SMEs are classified as mid-sized companies if their average sales exceed 40 billion to 150 billion won by industry or if their total assets exceed 500 billion won regardless of industry. When becoming a mid-sized company, the 57 regulations previously applied increase by 126, totaling 183 regulations. Meanwhile, about 160 benefits such as employment support, tax credits, policy funds, and export support disappear. The number of taxes to be paid increases by about 30 types. Except for improvements in corporate recognition and expansion of financing scale, there is virtually no incentive for companies to voluntarily enter mid-sized company status. The situation is similar when advancing from mid-sized to large corporations.


[South Korea Unable to Grow Large Corporations] ⑤ After Expanding Company Size... Policy Support Disappears and "Pay 30 More Types of Taxes" At the Small and Medium Enterprise Growth Ladder Policy Forum, Kim Ki-moon, Chairman of the Korea Federation of Small and Medium Business, is speaking.

The concept of mid-sized companies in South Korea was concretized with the enactment of the Mid-sized Companies Act in January 2014. The purpose was to create a separate category between large and small businesses to provide tax and financial benefits. Initially introduced as a 10-year temporary law set to expire in July 2024, it was converted into a permanent law on March 30 this year. However, due to the perception over the past decade that the law would soon expire, detailed legislation reflecting field realities was hardly realized. Mid-sized companies existed only as a concept and were treated as a "gray area" without a main government department, caught between the Ministry of SMEs and Startups overseeing SMEs and the Ministry of Trade, Industry and Energy overseeing large corporations.


Industry experts agree that to fundamentally solve the Peter Pan syndrome, proper mid-sized company development policies must be established. They point out that the dichotomous structure of large and small companies and the proliferation of populist policies aimed at winning the votes of SMEs, which make up 99% of all companies, have caused the Peter Pan syndrome. It is now said that a foundation for nurturing mid-sized companies should be established so that SMEs can break free from relying solely on government support like greenhouse flowers.


Kwon Jong-ho, president of the Korea Association of Mid-sized Companies (professor at Konkuk University Law School), pointed out that the framework of government support policies needs to be changed. He advised that as companies grow, incentives should shift from financial support to regulatory relaxation to promote leaps forward. Professor Kwon said, "Since government budgets are limited, it is difficult to continuously provide benefits given to SMEs to mid-sized companies as well. It is more efficient in terms of government resource management to support mid-sized companies so that even if financial support decreases, they feel that regulations have been eased when transitioning from SMEs to mid-sized companies."
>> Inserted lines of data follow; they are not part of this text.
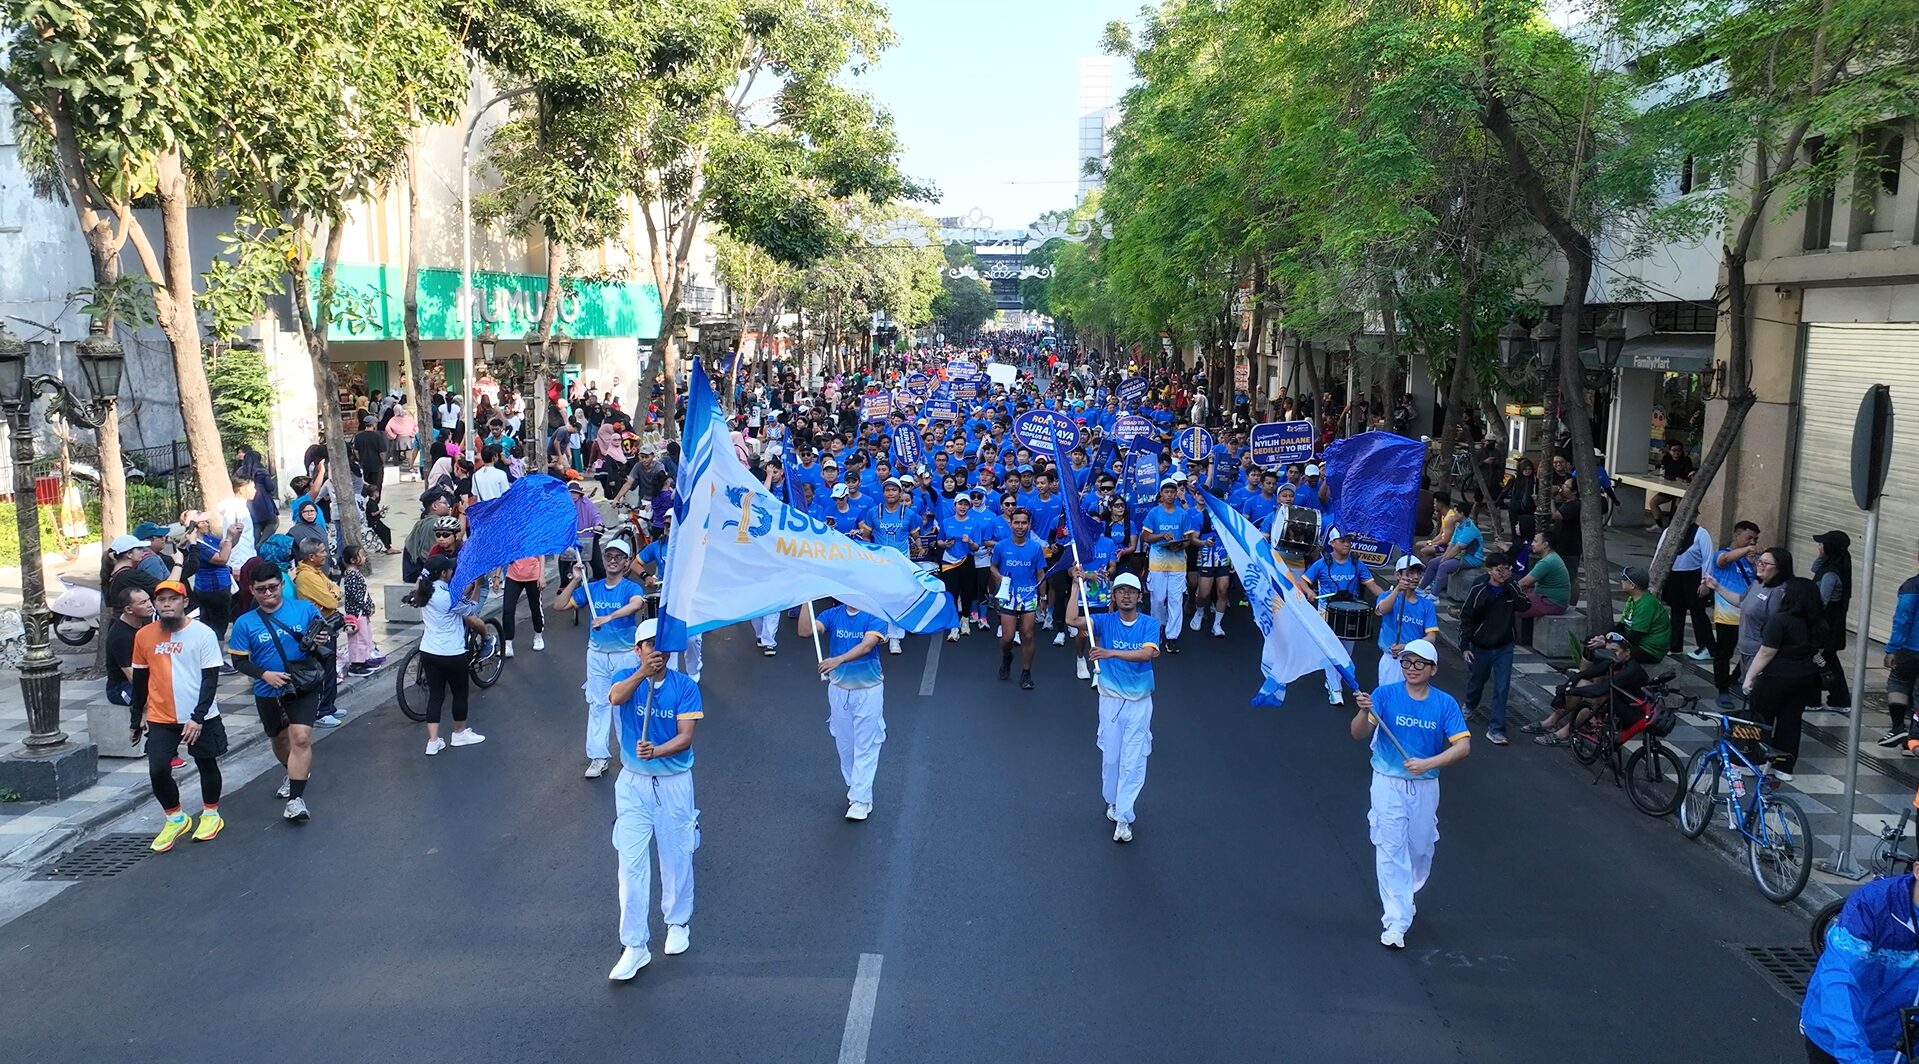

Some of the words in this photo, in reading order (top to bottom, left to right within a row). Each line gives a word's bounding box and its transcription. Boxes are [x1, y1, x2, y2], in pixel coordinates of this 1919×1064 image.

[456, 287, 579, 323] MUMUO
[1633, 356, 1670, 369] FamilyMart
[948, 390, 956, 400] 3
[861, 408, 869, 421] 3
[1032, 415, 1056, 425] ROA
[1056, 420, 1068, 429] TO
[1020, 430, 1043, 440] ISOPLUS
[1021, 422, 1075, 441] SURAAYA
[901, 427, 914, 462] SURABAYA
[1254, 439, 1280, 448] NYILIH
[1280, 436, 1311, 445] DALANE
[1253, 447, 1285, 455] SEDILUT
[1285, 444, 1297, 452] YO
[1297, 443, 1312, 451] REK
[1358, 543, 1378, 552] YOUR
[594, 601, 621, 609] ISOPLUS
[1397, 613, 1424, 625] ISOPLUS
[836, 629, 864, 639] ISOPLUS
[154, 646, 183, 655] RUN
[1395, 715, 1437, 730] ISOPLUS
Professor Kwon also suggested that rather than formal classifications such as venture, small, mid-sized, and large companies, "pinpoint support" should be provided by selecting industries and groups of companies that lead the market or are lagging behind. He advocated for additional systems like the "Special Act on Enhancing Corporate Vitality" (One-Shot Act). The One-Shot Act is a system that helps companies autonomously restructure their businesses by simultaneously lifting related regulations such as commercial law, tax law, and fair trade law, and providing tax and financial support. Professor Kwon said, "Early-stage mid-sized companies often need to attract investment for business expansion but frequently face difficulties in defending management rights. The multiple voting rights system passed by the National Assembly in April should not be limited to venture companies but applied more flexibly in various ways."